Shmoop found that in addition to the overall storytelling of Dr. Watson, “nearly every character in the Sherlock Holmes stories is a storyteller.” Storytelling is a crucial part of the entire detective fiction genre, and the Sherlock Holmes stories really explore this aspect. Each tale begins with a new case, which is always narrated by a participant, and ends with some sort of confession/explanation scene. While we are on this journey with Holmes and Watson, both they and we “encounter tons of different people and listen to their stories. In a way, the cases that Holmes and Watson solve are like giant umbrella stories composed of a dozens of smaller stories being told by a revolving door of characters.”

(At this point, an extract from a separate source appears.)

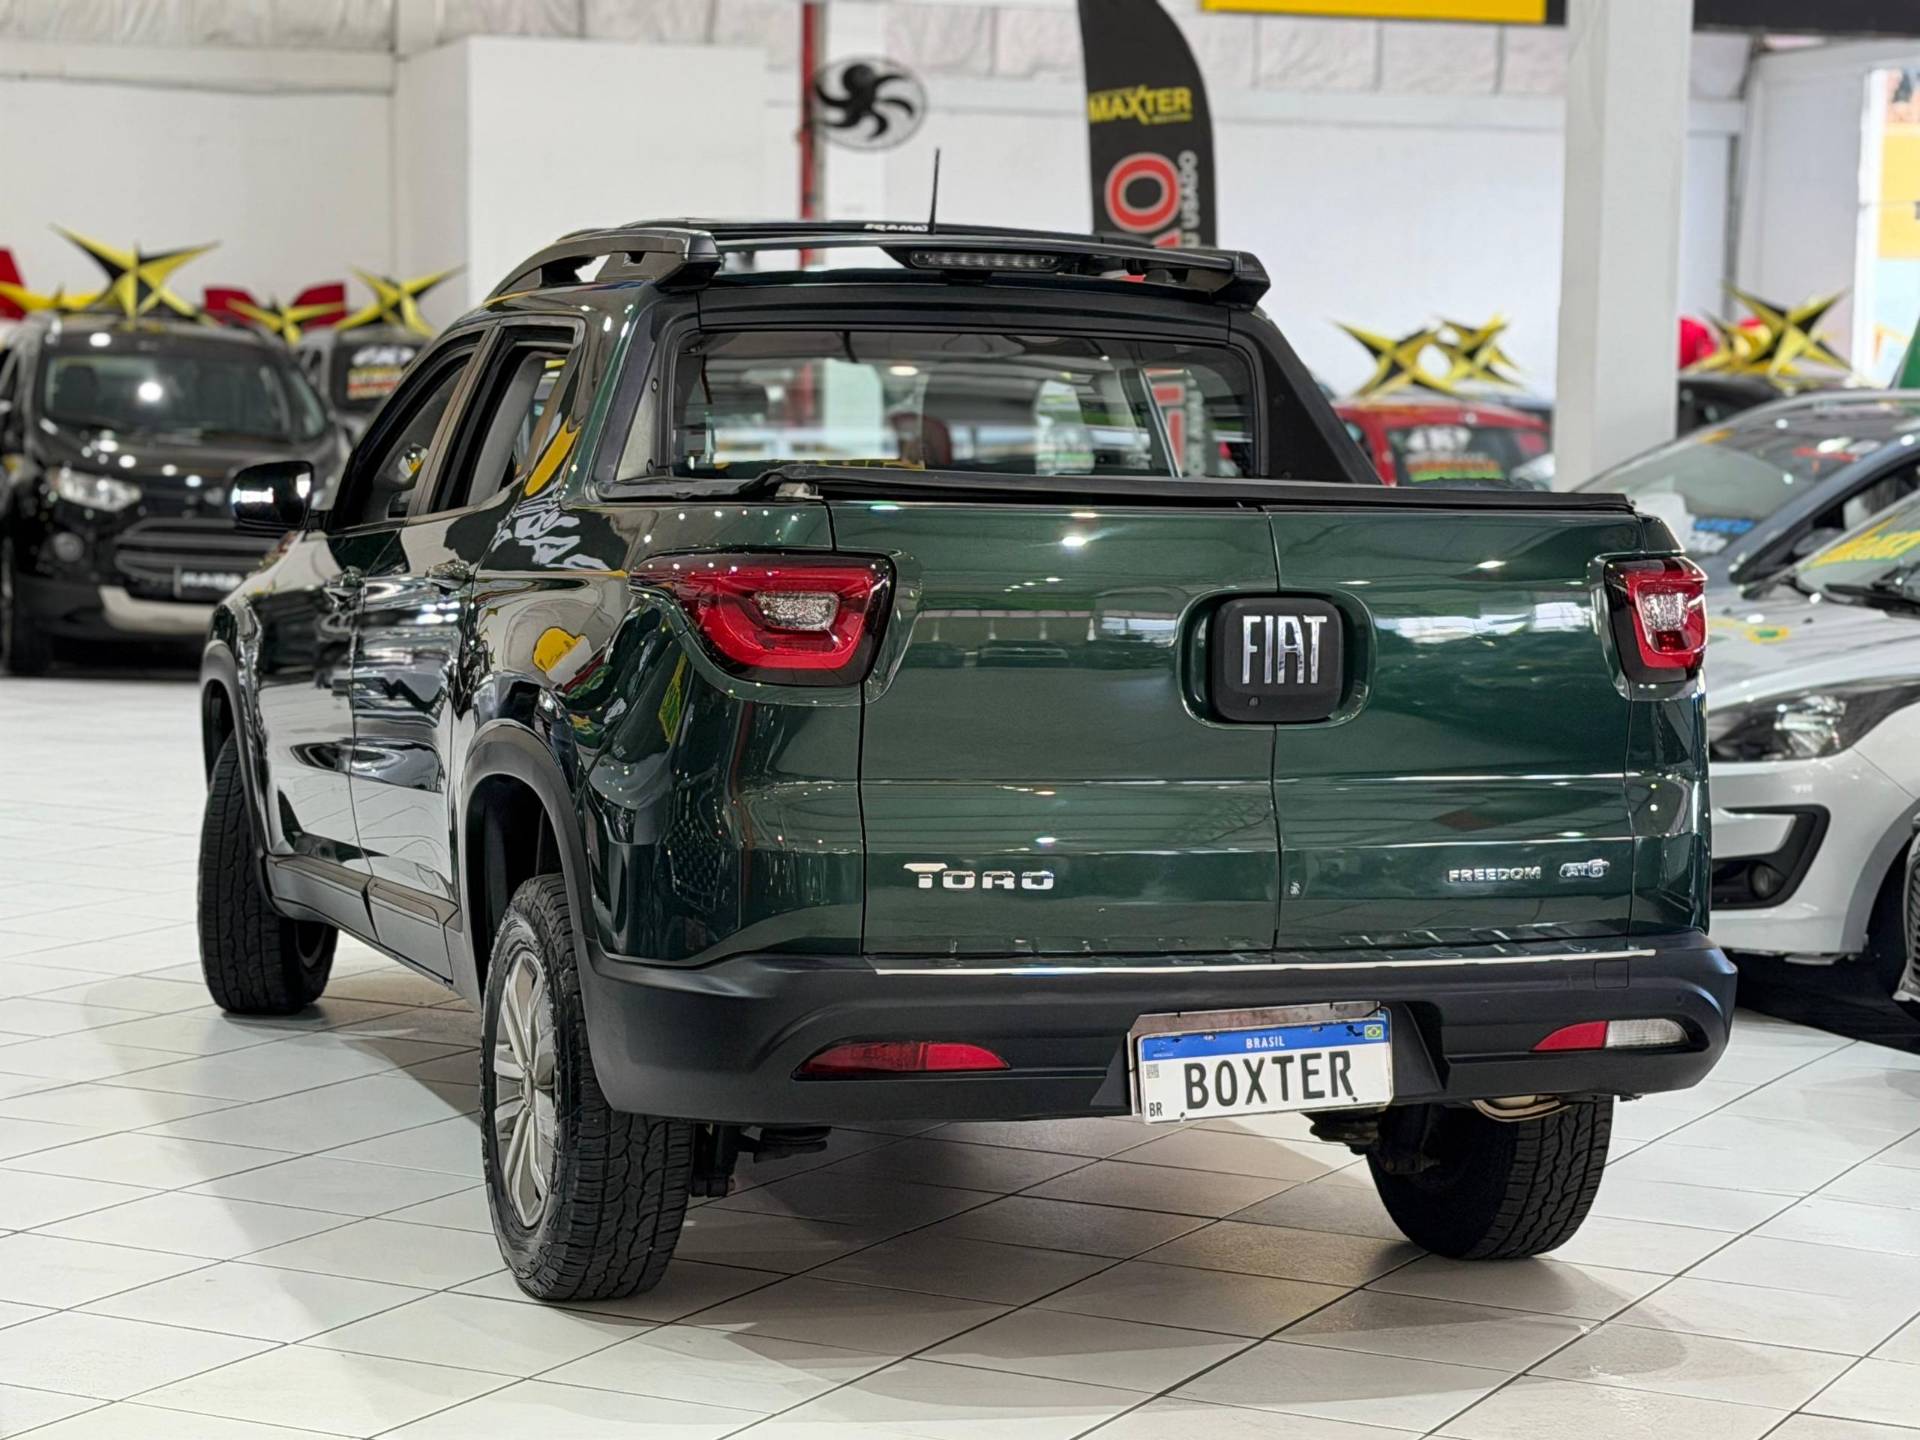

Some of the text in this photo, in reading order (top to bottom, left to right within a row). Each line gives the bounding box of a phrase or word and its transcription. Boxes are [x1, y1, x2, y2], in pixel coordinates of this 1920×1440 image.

In the story The Adventure of the Red Circle, Holmes solves the immediate mystery in front of him, as told by the landlady of a boarding house. The first mystery is that a lodger has not been seen for over 10 days, always staying in his room and only communicating with oblique messages such as SOAP, MATCH, DAILY GAZZETTE printed on a torn piece of paper. But Holmes divines a greater mystery as it turns out the lodger is not a man but a woman whose life is under threat and her male traveling companion can only communicate with her through references to newspaper columns. Holmes stated to Watson, “Education never ends, Watson. It is a series of lessons with the greatest for the last. This is an instructive case. There is neither money nor credit in it, and yet one would wish to tidy it up. When dusk comes we should find ourselves one stage advanced in our investigation.”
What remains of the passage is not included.